If we had that many deer that they could hold a strip of barley from maturing a person could probably walk across the field on their backs. Talking seriously, I'm impressed with the amount of feeding that deer do at my place on ripe oats. March oats ripen in mid-June and our deer strip all the heads off in the next 2 months. Ripe standing oats are similar to radishes in that deer need a few years to learn to eat them, they hit them harder every year.

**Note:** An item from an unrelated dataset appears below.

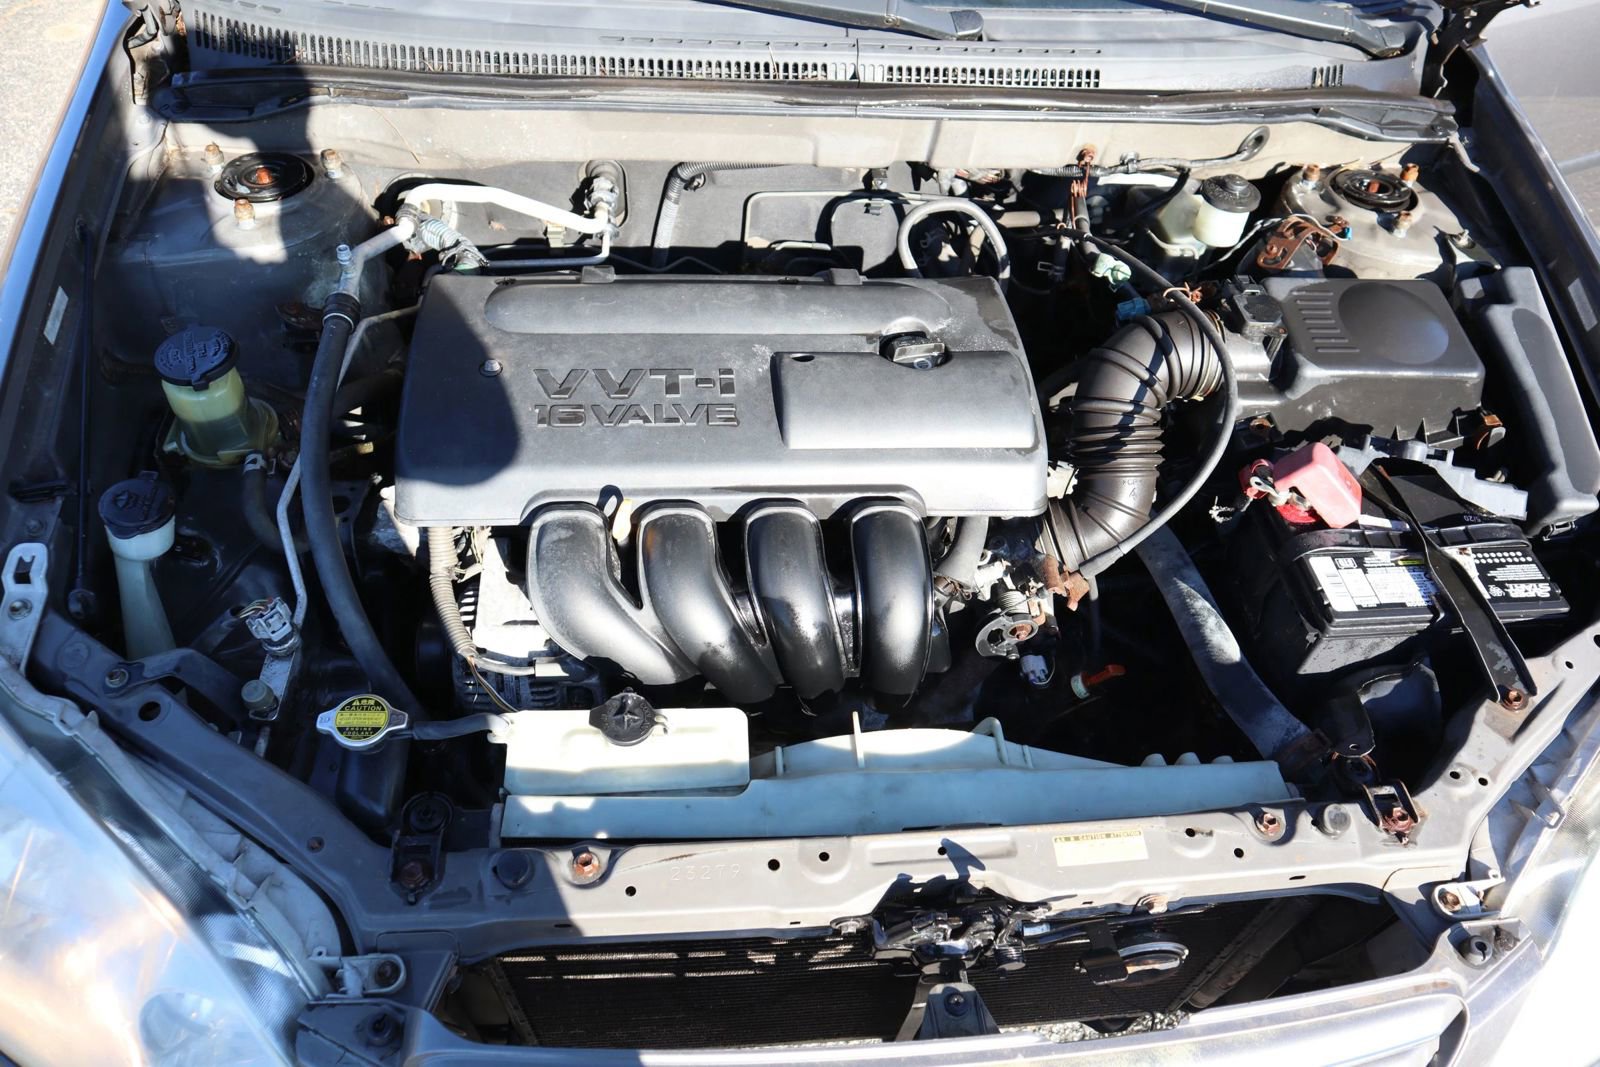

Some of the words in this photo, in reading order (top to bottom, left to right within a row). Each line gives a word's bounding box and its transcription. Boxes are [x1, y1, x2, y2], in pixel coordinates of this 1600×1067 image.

For us, oats are a swiss army knife go-to spring crop for many reasons; cheap seed, withstands frost for early planting, grows in poor soil, quick germination, erosion control, disease resistant, allopathic to keep grass down, early spring deer food, midsummer seed head deer food when it's too hot for some crops, soil builder, double crops well with no-till June soybeans, grows well in established clover if seeded early before the clover has ground cover, straw provides drought resistance for next crop, provides an excellent stand of straw for a brassica throw n mow in August. That's over a dozen reasons why we plant early spring oats in just about every field that we have. The only fields we don't seed in early spring oats are the fields that already have a growing crop of carryover rye and wheat from the fall before.
However, with not much growing in the fields, and residue on the ground from fall crops, a drill is an important part of this early oats planting for us. I never tried broadcasting grain seeds this early in the spring, I'm not sure how that would work.